Dans le document Musil, Wittgenstein : l'Homme du possible (Page 61-64)

On peut se demander si ces succès dans la recherche de régularités, devenue une façon de voir et d’agir, ne transforment pas au final le concept même de possibilité.

C’est de ce côté que l’on pourrait tirer la référence à Nietzsche dans les Dictées et le Cahier brun. Dans les Dictées, Wittgenstein s’attaque en effet à la compréhension de la signification comme d’un corps déterminant ce que l’on peut dire et à la compréhension des mathématiques comme portant sur des entités (les formes et les nombres) déterminant ce que l’on peut penser et faire. Surtout, il les rapporte à une conception plus générale de la possibilité, qui en fait quelque chose de comparable à une ombre et qui correspond à la justification par Nietzsche de l’éternel retour :

Ce malentendu est exactement de la même espèce que celui qui consiste à concevoir la possibilité comme une réalité semblable à une ombre.

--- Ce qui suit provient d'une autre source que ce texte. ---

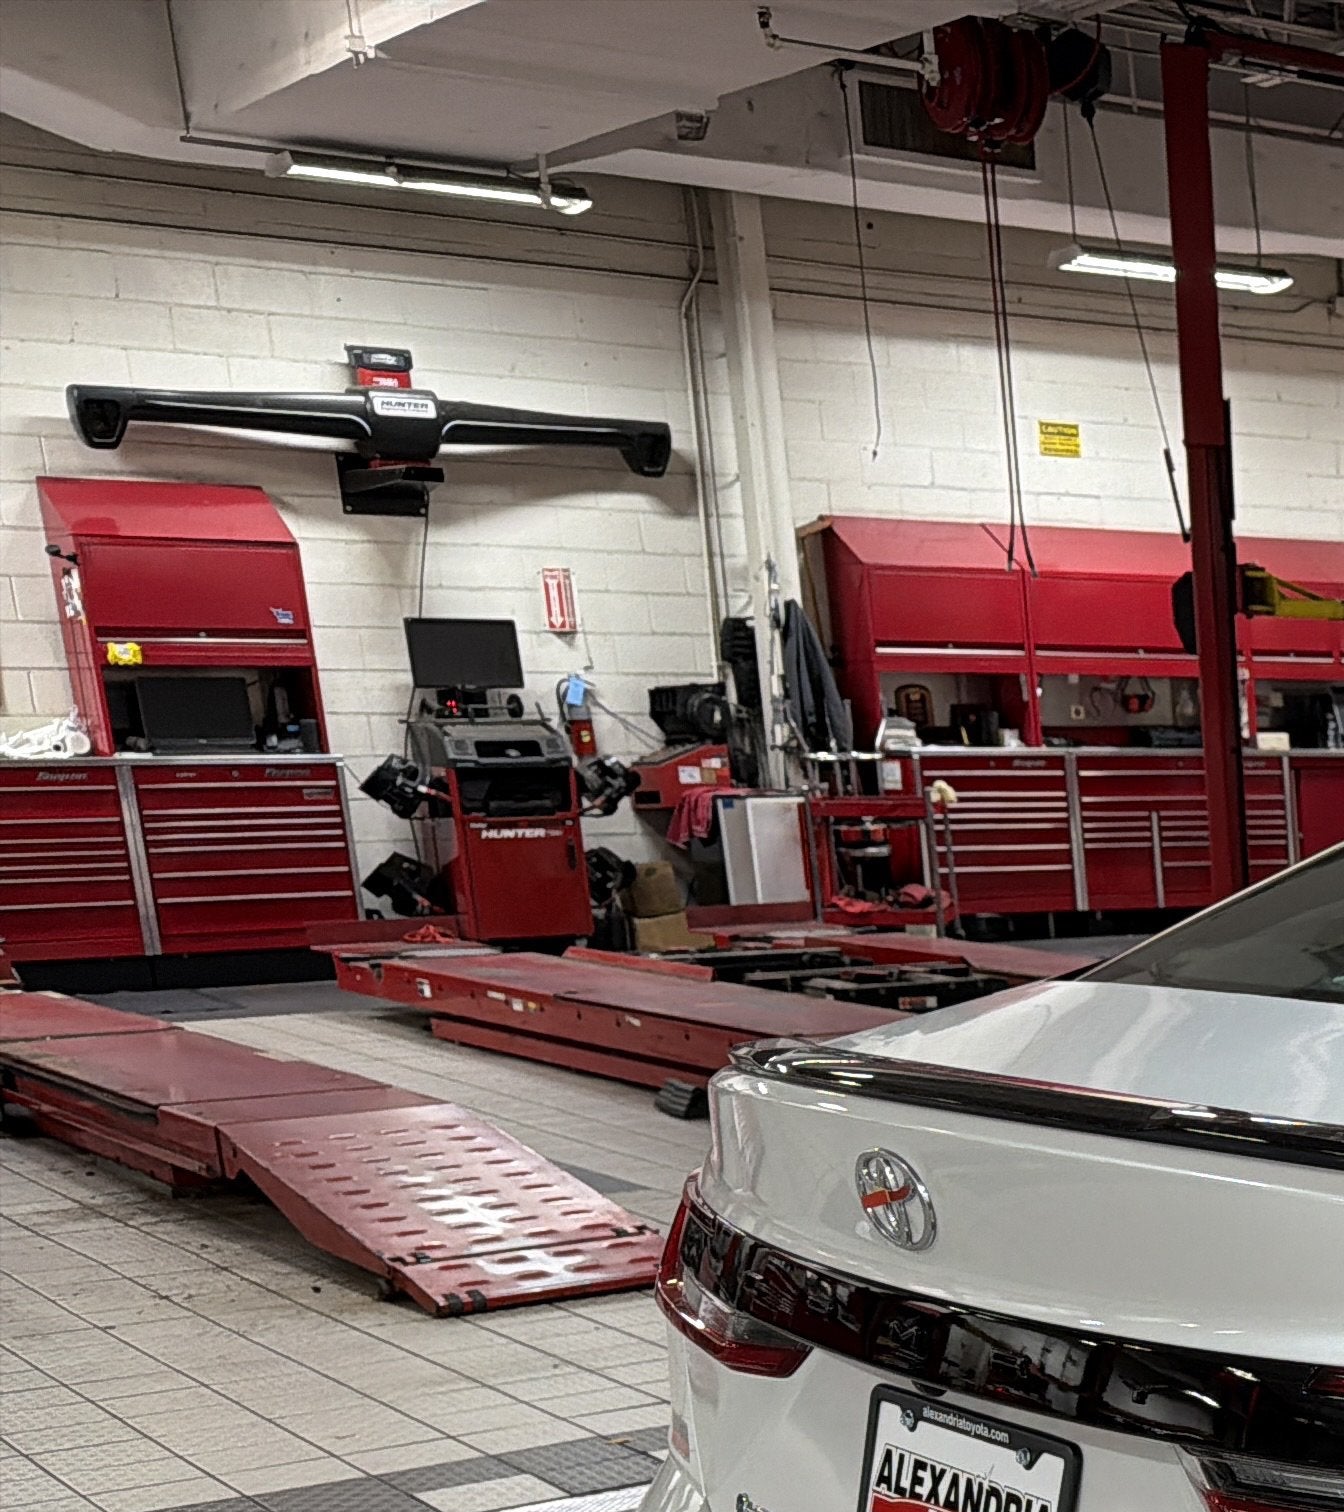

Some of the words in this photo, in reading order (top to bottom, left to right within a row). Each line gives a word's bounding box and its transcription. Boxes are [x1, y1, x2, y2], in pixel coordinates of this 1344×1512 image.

[381, 400, 429, 409] HUNTER
[481, 828, 546, 840] HUNTER
[922, 1406, 1010, 1444] alexandriatoyota.com

Ainsi dit-on effectivement, en géométrie, au lieu de « Entre deux points, on peut tracer une droite » : « Deux points sont situés sur une droite. » À cela se rattache aussi la justification de fond que donne Nietzsche de l’affirmation de l’éternel retour, lorsqu’il dit que « Ce qui peut arriver, cela doit déjà être arrivé ».110

Dans la conception du corps de signification et dans le platonisme en mathématiques, ce que l’on peut dire, penser ou faire, n’est que l’ombre du corps de signification ou des entités mathématiques, de même que la possibilité d’un événement n’est que l’ombre d’un événement déjà arrivé. Autrement dit, le corps de signification, l’entité mathématique ou l’événement ayant eu lieu déterminent ce qui est possible, et la possibilité n’en est que l’ombre.

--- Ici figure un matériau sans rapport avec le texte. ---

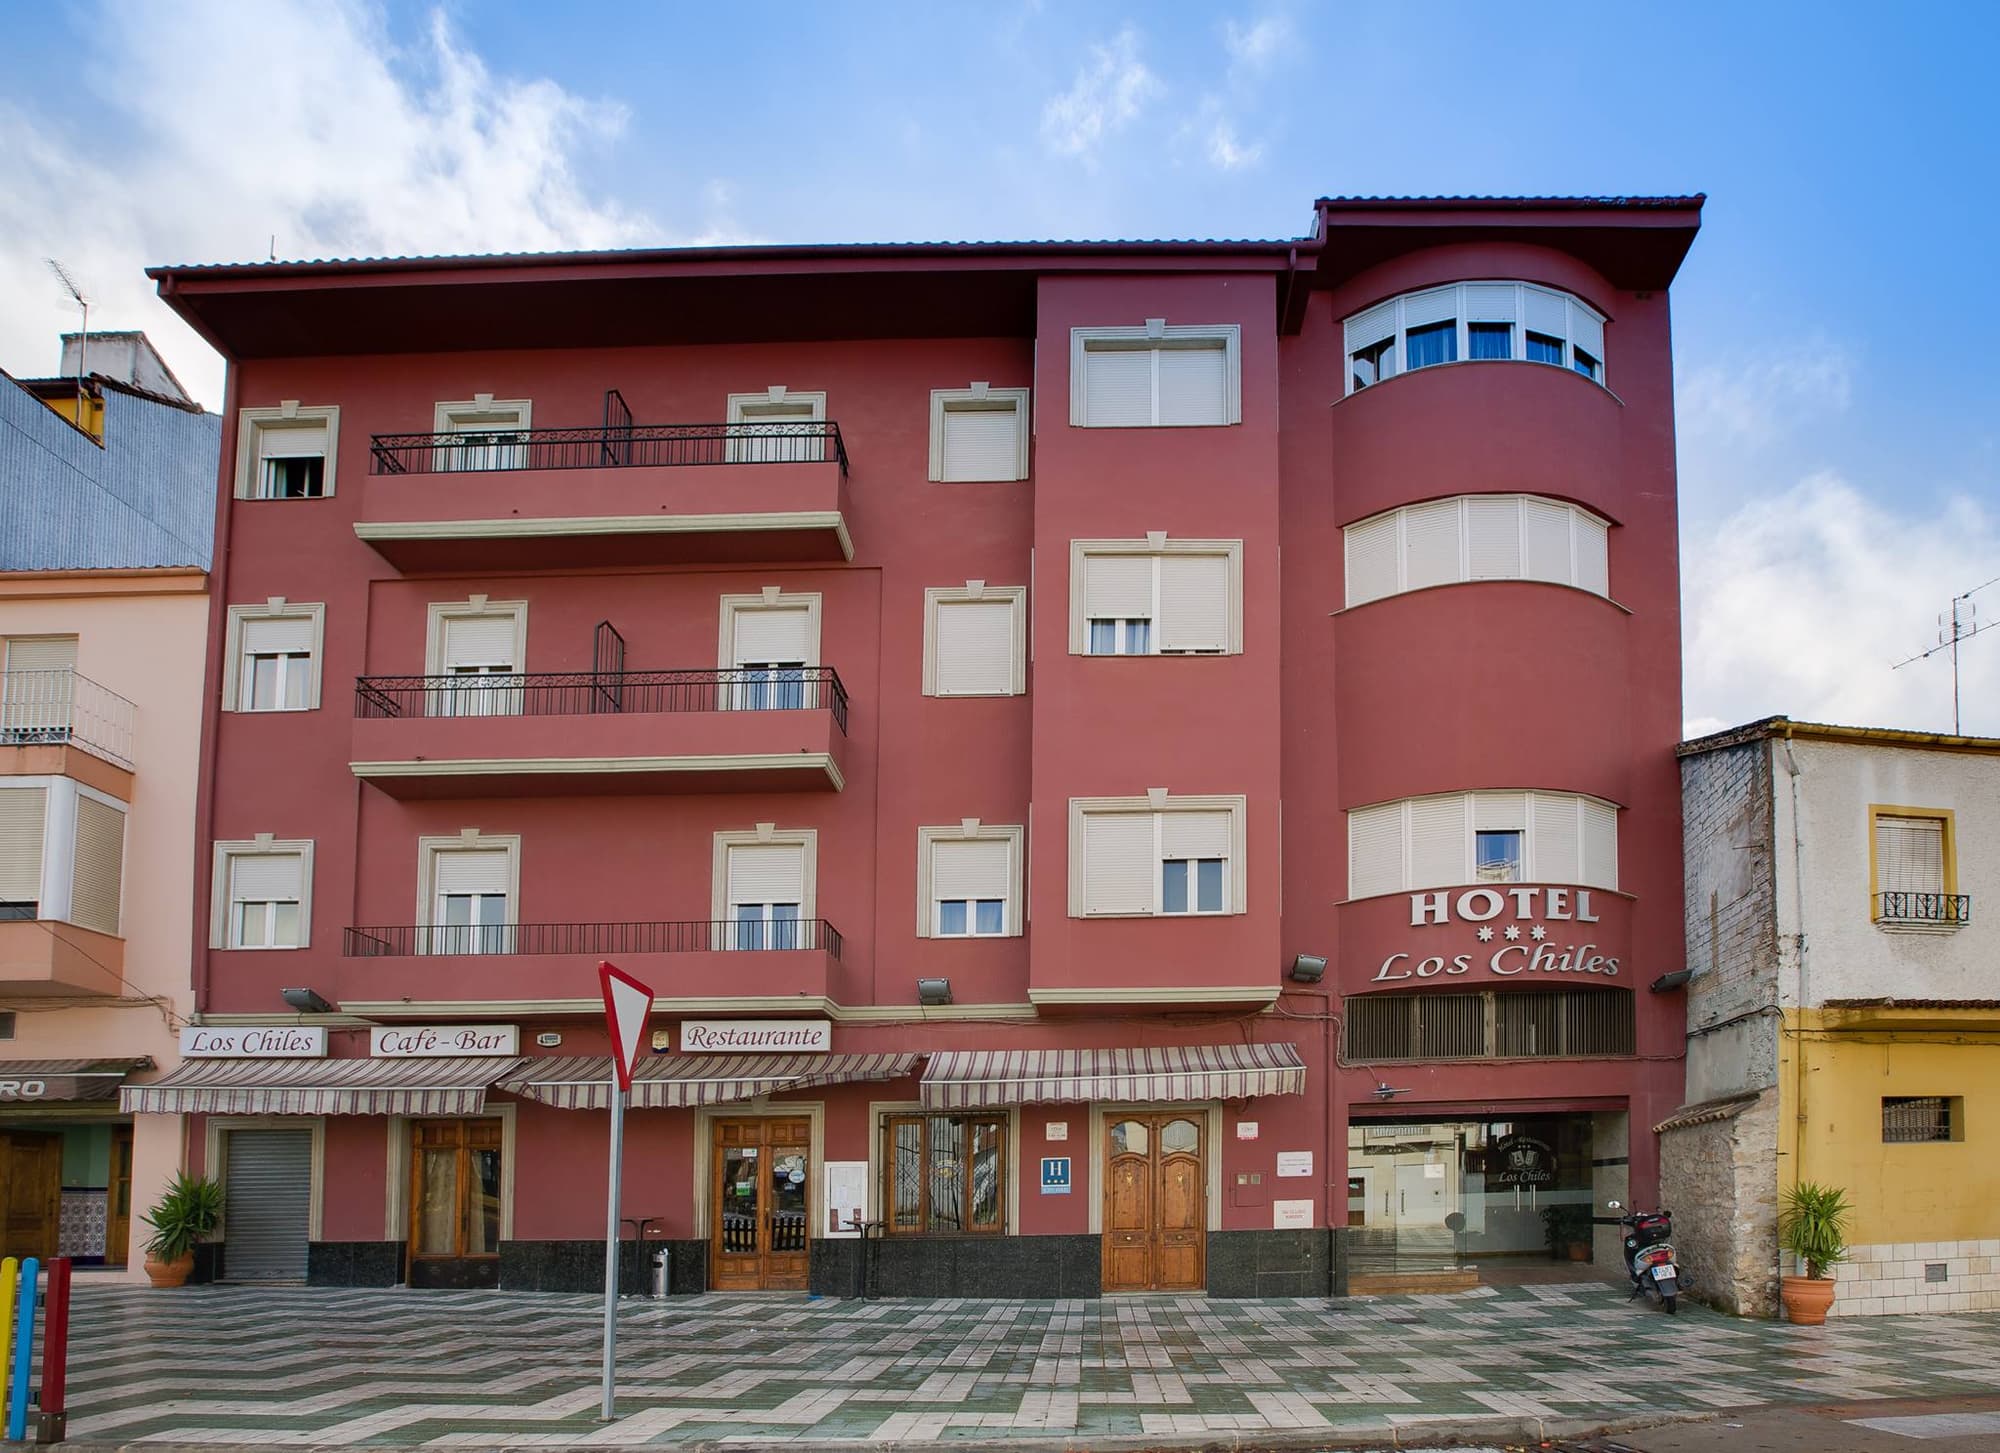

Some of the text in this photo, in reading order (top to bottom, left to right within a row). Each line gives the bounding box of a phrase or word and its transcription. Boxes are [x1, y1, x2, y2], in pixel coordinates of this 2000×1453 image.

[1410, 888, 1600, 926] HOTEL
[1371, 942, 1620, 981] Los Chiles
[191, 1029, 313, 1053] Los Chiles
[687, 1025, 823, 1049] Restaurante
[1050, 1161, 1062, 1177] H
[1498, 1169, 1552, 1183] Los Chiles

Le Cahier brun est intéressant en ce qu’il montre que l’on peut comprendre cette conception de la possibilité autrement que comme une erreur : plutôt comme un changement de critère dans l’usage du concept de possibilité. Le point de départ est relativement différent, puisqu’il s’agit pour Wittgenstein d’examiner le concept de possibilité quand il caractérise la capacité d’un individu à faire quelque chose, plus précisément d’examiner les critères selon lesquels un individu est dit capable de faire telle ou telle chose. Il imagine alors la situation suivante :

49) Imagine une tribu dont le langage ait une expression qui corresponde à notre « il a fait ceci et cela », et une autre qui corresponde à notre « il peut faire ceci ou cela », cette dernière n’étant cependant utilisée que lorsque son utilisation est justifiée par le même fait que celui qui justifierait aussi la première expression. …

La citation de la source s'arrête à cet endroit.